Vaccines that contain live attenuated viruses or bacteria such as oral polio, measles, and Bacillus Calmette-Guérin vaccines are associated with a lower risk of respiratory infections and lower all-cause mortality in infants. These non-specific effects are mediated by trained immunity.
Trained immunity is the non-specific resistance to infection conferred by innate immune cells. Mechanistic studies have attributed trained immunity to epigenetic reprogramming that occurs when innate immune cells are activated by infection or vaccination (Netea et al., 2016). This epigenetic reprogramming results in enhanced inflammatory and antimicrobial properties in innate cells when encountered with secondary stimuli.

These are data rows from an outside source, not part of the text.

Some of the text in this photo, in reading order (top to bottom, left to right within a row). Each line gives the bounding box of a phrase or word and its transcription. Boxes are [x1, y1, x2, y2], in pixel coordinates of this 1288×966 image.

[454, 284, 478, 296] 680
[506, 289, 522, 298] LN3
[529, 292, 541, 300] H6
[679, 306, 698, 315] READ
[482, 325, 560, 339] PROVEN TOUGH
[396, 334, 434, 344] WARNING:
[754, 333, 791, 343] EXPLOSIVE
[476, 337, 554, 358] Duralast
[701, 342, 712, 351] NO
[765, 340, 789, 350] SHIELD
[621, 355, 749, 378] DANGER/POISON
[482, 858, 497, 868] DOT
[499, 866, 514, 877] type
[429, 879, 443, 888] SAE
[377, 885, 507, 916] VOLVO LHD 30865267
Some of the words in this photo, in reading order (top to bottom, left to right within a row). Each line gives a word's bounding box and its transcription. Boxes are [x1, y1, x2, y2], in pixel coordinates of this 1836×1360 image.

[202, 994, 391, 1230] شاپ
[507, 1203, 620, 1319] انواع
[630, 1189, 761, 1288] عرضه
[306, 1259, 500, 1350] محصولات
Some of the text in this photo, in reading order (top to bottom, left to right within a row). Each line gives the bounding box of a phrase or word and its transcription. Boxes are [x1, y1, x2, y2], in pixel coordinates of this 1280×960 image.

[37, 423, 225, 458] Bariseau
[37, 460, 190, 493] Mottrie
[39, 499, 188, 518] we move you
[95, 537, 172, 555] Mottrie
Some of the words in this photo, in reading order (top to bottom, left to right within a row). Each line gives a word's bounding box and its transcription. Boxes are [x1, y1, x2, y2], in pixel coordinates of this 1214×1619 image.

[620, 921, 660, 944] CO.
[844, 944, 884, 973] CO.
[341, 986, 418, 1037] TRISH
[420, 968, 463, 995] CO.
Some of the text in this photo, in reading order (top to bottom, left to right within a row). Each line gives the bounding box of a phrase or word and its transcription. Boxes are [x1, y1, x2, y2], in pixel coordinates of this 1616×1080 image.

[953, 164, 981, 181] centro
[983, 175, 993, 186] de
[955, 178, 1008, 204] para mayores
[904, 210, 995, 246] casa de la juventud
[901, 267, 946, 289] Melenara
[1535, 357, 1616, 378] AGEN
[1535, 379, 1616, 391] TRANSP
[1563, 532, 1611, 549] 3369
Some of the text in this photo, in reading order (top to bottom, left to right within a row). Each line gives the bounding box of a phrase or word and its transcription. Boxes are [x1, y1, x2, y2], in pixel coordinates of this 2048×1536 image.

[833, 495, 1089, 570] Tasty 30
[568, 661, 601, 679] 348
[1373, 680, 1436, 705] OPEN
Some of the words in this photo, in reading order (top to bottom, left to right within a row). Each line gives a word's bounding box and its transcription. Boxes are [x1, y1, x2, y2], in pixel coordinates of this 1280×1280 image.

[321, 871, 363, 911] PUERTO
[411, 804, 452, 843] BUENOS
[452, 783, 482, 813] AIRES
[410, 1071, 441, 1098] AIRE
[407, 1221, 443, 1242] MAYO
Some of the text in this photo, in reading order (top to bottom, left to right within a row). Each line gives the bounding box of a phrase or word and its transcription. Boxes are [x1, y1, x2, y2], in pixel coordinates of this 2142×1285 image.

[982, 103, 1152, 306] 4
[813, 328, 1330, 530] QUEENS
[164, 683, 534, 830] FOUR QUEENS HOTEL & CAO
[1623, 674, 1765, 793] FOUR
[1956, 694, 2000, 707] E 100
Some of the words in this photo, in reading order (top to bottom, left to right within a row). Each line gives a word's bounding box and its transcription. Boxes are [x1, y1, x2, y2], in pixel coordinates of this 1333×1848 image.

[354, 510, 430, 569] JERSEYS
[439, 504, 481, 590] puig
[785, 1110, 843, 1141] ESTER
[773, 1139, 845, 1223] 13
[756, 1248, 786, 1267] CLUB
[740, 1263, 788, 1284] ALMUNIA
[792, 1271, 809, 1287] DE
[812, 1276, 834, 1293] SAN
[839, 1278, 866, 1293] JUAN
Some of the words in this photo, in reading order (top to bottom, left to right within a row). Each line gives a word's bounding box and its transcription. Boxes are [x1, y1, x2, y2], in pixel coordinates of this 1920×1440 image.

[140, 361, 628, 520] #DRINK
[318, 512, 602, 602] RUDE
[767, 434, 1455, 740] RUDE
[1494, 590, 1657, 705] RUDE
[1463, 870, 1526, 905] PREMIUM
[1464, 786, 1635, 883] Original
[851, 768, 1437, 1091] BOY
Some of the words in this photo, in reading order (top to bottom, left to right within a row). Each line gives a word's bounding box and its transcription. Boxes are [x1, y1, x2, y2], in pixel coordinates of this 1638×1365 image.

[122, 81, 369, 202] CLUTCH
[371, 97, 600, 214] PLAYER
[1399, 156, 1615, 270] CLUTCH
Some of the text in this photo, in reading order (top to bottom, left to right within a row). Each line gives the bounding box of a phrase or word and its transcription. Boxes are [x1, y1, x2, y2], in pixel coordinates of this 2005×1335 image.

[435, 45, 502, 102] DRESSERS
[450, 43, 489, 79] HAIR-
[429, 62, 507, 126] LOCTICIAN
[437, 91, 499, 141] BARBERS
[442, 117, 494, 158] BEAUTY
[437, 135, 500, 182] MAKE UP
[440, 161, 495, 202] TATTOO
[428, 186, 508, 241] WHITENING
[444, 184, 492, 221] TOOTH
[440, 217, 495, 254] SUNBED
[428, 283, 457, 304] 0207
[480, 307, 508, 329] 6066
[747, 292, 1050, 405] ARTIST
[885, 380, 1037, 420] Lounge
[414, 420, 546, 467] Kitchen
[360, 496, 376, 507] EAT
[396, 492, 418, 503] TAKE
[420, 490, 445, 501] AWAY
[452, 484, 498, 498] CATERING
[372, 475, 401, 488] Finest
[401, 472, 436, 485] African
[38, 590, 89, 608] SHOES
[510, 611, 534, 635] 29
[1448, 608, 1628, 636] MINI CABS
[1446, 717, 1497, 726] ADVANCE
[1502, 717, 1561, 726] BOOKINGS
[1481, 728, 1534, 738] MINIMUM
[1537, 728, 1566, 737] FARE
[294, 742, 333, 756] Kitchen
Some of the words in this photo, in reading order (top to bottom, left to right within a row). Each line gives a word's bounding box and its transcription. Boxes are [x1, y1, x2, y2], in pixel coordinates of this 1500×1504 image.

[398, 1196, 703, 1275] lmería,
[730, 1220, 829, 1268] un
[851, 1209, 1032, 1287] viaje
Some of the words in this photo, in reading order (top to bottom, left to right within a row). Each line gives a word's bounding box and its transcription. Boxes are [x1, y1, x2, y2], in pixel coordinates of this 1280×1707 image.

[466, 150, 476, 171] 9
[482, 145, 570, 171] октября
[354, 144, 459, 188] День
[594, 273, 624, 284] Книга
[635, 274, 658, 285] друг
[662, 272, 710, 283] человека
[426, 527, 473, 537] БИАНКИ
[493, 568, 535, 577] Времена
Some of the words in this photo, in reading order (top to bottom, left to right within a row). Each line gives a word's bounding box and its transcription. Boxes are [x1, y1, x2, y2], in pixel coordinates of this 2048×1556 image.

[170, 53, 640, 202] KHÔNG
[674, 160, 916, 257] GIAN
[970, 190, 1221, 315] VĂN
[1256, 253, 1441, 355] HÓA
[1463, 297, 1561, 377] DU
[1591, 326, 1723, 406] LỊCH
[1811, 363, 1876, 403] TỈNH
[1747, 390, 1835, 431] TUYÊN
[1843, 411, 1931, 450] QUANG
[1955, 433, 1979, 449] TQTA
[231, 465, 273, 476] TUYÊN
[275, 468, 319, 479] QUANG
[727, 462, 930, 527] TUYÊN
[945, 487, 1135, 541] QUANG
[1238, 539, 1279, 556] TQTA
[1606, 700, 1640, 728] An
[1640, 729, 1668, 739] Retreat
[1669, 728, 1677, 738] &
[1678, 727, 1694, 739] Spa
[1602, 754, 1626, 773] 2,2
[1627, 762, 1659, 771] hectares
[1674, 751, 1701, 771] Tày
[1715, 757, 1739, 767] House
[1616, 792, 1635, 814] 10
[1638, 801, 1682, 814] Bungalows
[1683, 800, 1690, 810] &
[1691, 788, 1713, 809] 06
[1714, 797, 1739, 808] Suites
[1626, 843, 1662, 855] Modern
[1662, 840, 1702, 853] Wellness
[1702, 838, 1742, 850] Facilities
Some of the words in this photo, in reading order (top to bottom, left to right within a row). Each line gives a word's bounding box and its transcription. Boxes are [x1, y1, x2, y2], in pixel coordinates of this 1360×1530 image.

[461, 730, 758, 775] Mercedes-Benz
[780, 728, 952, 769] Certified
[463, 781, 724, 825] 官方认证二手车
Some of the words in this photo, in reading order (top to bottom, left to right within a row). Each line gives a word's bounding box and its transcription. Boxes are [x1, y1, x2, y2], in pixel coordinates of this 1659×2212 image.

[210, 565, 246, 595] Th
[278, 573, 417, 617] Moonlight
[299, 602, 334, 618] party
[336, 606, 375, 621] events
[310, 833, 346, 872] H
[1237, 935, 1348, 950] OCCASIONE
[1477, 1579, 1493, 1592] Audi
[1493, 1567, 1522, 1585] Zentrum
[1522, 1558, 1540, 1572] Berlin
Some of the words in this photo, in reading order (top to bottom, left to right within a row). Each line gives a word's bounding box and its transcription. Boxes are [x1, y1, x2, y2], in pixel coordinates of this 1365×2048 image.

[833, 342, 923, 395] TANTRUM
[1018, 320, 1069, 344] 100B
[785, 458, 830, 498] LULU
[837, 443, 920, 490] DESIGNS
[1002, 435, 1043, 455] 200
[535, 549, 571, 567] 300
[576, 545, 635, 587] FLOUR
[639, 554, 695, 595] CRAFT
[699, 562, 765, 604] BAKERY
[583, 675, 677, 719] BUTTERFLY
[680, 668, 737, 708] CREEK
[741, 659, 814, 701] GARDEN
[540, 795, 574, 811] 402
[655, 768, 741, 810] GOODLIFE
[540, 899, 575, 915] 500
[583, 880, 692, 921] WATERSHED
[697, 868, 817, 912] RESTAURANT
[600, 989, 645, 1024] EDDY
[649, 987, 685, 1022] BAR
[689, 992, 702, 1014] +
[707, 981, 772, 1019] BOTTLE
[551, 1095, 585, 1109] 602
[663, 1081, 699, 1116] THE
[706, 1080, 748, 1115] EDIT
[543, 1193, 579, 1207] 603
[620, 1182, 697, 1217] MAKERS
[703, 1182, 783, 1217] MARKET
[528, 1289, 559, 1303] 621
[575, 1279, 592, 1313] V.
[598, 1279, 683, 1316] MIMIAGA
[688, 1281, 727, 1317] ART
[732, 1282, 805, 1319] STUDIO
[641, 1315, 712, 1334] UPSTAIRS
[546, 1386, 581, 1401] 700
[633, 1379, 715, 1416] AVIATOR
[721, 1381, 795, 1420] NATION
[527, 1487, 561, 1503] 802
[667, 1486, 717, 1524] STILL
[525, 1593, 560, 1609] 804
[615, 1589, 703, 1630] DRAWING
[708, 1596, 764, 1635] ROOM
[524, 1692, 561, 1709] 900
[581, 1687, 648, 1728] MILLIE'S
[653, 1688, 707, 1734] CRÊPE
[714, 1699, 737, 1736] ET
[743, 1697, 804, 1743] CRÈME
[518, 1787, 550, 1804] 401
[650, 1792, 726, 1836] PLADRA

The elderly are very susceptible to infections. Many researchers have suggested that vaccine-induced trained immunity could be a potential strategy to reduce the incidence of infection in the elderly. To determine if this is possible, researchers designed a clinical trial (ACTIVATE) that vaccinated elderly hospitalized patients on the day of hospital discharge with a single dose of placebo or BCG and followed-up for 12 months. The first participant was recruited in 2017 and the last patient visit was scheduled for August 2020. However, due to the COVID-19 pandemic researchers performed an interim analysis to determine if BCG vaccination had non-specific protection against any infection.
They showed that elderly BCG vaccination is safe and reduces the time to acquiring infections as well as reducing the incidence of respiratory infections. This protective effect was mediated by trained immunity. Specifically, they demonstrated BCG-induced epigenetic modifications and functional changes that resulted in higher pro-inflammatory responses by monocytes (see image).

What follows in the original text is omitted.